Please set down, exactly, the line with "this 1376×1548 image." and all lines that follow it through the end of the records below.

★ ★ ★ ★

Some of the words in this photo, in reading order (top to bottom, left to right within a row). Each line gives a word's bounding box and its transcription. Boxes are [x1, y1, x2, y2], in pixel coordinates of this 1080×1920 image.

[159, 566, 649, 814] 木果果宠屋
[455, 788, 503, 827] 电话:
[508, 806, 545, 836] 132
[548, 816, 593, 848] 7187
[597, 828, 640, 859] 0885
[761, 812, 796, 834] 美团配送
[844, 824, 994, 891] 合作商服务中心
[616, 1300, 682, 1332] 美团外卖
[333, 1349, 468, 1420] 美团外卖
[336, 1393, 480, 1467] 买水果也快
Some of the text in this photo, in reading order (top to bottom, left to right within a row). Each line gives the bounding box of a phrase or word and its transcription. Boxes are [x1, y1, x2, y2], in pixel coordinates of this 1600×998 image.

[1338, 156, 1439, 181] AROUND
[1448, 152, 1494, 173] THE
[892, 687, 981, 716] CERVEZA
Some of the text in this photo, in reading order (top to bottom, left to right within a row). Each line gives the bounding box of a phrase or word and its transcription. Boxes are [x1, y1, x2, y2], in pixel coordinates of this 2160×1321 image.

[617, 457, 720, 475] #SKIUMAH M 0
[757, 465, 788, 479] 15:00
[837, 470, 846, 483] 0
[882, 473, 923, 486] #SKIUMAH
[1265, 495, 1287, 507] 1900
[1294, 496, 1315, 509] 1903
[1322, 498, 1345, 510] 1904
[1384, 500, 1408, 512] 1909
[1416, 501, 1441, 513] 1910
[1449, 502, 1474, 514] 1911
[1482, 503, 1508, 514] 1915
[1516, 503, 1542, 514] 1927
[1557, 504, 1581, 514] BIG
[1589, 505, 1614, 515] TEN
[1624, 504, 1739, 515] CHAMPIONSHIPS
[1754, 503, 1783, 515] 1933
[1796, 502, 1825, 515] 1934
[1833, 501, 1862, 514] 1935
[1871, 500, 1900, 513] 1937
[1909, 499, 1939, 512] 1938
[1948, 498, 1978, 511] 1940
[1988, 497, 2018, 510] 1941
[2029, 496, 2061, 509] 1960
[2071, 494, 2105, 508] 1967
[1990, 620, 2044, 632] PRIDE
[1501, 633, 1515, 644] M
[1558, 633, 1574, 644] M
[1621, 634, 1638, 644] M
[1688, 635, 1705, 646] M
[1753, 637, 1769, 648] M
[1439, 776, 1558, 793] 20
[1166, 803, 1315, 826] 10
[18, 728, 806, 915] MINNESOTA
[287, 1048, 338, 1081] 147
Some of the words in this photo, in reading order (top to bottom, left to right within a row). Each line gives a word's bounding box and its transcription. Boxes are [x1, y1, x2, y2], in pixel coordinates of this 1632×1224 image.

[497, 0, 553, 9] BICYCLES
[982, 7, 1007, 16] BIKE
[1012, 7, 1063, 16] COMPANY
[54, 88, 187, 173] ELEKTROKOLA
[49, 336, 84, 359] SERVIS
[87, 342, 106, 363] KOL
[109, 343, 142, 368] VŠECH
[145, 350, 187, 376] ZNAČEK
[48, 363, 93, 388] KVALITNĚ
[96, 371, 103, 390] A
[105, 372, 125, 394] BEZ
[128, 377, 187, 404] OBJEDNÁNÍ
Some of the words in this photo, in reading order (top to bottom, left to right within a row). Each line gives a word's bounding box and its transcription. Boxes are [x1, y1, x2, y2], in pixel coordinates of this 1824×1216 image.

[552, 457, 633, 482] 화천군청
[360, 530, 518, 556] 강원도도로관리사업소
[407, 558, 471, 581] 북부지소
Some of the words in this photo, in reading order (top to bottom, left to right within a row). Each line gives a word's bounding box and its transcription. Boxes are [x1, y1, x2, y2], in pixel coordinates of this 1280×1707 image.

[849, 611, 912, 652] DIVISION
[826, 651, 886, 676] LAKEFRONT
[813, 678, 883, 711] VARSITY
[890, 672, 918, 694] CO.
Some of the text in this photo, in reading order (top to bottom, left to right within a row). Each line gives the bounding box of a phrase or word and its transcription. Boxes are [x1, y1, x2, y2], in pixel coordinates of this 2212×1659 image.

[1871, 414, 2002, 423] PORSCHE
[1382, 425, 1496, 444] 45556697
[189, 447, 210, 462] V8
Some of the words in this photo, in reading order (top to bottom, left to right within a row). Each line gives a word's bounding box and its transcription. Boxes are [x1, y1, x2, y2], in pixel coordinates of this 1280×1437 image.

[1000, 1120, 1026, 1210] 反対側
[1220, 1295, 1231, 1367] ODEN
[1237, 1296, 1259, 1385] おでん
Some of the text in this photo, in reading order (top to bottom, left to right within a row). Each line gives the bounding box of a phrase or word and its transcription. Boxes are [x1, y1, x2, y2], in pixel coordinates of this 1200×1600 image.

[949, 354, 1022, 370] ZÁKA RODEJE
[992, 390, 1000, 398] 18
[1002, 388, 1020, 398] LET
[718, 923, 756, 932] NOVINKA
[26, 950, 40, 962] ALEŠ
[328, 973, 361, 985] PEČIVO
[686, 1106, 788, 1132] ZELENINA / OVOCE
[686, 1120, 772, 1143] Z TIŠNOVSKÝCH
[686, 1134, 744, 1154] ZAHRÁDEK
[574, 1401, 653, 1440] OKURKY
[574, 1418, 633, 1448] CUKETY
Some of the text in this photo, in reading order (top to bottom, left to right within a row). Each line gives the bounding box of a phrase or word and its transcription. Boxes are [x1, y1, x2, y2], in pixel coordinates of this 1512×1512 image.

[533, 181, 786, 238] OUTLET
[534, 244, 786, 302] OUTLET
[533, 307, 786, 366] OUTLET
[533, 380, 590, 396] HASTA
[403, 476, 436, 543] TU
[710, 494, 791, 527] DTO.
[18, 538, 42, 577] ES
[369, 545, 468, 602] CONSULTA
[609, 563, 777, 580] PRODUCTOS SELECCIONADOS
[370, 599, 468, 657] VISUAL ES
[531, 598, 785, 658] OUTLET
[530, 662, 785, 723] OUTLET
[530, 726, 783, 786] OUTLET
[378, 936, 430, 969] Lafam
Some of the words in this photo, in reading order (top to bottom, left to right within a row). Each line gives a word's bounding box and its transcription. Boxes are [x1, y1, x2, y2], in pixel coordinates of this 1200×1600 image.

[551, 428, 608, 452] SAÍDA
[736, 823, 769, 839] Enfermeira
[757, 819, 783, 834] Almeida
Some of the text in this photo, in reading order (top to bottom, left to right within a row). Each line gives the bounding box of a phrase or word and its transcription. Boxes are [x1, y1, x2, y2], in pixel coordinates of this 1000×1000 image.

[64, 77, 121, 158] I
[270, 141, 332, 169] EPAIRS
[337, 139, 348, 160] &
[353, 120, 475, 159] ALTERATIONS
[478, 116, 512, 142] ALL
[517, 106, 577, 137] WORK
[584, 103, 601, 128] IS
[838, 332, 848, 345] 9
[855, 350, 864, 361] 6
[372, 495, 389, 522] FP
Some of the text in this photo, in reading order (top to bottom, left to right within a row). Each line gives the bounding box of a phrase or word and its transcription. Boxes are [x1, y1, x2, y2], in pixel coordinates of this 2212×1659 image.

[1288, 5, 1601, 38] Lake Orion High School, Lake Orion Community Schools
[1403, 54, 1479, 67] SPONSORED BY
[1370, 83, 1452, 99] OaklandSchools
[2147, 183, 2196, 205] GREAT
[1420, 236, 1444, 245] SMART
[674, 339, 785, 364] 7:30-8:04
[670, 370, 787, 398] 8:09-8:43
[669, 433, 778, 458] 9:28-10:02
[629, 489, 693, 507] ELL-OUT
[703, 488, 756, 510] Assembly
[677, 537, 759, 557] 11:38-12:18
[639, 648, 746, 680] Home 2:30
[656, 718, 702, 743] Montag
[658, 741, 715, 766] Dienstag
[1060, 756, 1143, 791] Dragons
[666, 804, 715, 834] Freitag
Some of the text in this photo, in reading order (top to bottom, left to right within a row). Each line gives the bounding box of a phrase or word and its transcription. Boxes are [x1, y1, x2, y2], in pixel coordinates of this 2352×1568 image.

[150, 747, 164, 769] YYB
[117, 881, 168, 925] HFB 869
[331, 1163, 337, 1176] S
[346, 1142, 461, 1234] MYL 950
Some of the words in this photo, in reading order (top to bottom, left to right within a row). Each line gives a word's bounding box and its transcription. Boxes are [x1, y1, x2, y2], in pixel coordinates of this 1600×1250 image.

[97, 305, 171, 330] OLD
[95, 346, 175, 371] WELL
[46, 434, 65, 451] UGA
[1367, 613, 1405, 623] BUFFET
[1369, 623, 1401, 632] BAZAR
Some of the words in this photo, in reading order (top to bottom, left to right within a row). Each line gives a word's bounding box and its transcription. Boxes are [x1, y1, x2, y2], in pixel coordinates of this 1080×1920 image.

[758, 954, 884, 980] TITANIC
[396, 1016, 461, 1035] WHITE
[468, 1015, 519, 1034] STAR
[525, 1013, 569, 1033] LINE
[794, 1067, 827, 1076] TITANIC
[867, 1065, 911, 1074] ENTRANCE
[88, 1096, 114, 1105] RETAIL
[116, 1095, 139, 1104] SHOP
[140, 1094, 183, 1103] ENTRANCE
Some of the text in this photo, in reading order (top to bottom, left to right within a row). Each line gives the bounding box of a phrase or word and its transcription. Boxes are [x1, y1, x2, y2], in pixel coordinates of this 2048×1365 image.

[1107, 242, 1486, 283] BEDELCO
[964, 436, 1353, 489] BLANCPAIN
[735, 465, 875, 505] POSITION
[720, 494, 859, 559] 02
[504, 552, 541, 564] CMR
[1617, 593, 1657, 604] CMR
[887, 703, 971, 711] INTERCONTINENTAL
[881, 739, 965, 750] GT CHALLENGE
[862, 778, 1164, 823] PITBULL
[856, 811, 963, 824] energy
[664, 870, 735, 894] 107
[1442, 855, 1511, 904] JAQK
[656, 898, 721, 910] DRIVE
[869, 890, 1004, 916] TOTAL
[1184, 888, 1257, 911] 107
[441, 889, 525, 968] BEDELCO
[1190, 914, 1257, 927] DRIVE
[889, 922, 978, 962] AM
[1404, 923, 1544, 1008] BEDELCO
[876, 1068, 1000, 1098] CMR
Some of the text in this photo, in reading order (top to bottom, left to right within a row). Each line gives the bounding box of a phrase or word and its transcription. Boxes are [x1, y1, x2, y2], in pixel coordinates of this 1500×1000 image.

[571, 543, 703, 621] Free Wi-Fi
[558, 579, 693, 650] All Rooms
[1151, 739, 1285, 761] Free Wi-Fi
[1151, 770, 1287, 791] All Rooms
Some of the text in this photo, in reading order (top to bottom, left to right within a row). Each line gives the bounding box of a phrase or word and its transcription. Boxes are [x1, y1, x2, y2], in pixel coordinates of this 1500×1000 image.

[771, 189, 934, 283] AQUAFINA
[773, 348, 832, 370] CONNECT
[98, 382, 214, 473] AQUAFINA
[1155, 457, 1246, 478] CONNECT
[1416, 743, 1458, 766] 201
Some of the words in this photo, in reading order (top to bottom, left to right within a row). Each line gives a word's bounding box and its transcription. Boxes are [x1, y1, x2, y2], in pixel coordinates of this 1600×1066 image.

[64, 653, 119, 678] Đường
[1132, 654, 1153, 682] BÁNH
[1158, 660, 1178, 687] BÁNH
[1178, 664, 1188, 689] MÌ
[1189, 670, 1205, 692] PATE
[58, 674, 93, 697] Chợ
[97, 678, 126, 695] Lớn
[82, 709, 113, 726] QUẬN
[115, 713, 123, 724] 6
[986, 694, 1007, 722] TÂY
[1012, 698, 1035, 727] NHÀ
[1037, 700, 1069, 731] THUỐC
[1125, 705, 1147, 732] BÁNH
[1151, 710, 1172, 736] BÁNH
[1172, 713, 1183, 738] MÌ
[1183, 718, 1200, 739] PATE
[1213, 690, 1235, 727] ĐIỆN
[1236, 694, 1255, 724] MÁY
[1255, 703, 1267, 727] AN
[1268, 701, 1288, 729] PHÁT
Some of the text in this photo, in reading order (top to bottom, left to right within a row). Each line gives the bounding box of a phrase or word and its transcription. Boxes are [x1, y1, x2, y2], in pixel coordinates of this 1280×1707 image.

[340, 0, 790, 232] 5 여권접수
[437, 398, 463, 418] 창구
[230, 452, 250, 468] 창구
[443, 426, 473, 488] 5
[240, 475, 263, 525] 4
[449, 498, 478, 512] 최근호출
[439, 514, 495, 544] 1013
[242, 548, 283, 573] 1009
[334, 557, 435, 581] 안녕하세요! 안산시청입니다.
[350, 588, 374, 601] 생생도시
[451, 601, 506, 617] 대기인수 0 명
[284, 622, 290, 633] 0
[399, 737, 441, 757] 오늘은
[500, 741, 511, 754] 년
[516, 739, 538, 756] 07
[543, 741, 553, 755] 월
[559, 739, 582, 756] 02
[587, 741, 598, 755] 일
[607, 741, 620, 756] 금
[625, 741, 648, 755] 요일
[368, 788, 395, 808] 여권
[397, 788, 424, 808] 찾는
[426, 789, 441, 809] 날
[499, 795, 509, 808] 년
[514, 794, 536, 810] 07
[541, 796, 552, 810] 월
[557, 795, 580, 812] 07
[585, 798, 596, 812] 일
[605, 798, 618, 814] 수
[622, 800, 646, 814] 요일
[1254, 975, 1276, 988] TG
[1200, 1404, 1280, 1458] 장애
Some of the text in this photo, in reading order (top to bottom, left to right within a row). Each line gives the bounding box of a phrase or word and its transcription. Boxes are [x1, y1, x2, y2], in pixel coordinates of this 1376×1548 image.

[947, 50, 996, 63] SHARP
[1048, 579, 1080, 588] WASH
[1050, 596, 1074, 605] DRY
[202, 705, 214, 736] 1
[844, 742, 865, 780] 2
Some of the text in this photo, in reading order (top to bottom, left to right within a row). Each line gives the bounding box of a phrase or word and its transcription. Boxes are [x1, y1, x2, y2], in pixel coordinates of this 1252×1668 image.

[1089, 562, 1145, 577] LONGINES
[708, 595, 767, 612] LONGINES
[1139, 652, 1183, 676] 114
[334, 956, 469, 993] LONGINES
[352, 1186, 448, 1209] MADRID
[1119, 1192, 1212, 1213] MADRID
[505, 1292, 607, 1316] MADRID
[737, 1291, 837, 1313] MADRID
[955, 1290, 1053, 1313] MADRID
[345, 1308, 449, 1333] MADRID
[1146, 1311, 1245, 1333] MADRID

★ ★ ★ ★

* **Task solution**
Some of the text in this photo, in reading order (top to bottom, left to right within a row). Each line gives the bounding box of a phrase or word and its transcription. Boxes are [x1, y1, x2, y2], in pixel coordinates of this 1376×1548 image.

[947, 50, 996, 63] SHARP
[1048, 579, 1080, 588] WASH
[1050, 596, 1074, 605] DRY
[202, 705, 214, 736] 1
[844, 742, 865, 780] 2
Some of the text in this photo, in reading order (top to bottom, left to right within a row). Each line gives the bounding box of a phrase or word and its transcription. Boxes are [x1, y1, x2, y2], in pixel coordinates of this 1252×1668 image.

[1089, 562, 1145, 577] LONGINES
[708, 595, 767, 612] LONGINES
[1139, 652, 1183, 676] 114
[334, 956, 469, 993] LONGINES
[352, 1186, 448, 1209] MADRID
[1119, 1192, 1212, 1213] MADRID
[505, 1292, 607, 1316] MADRID
[737, 1291, 837, 1313] MADRID
[955, 1290, 1053, 1313] MADRID
[345, 1308, 449, 1333] MADRID
[1146, 1311, 1245, 1333] MADRID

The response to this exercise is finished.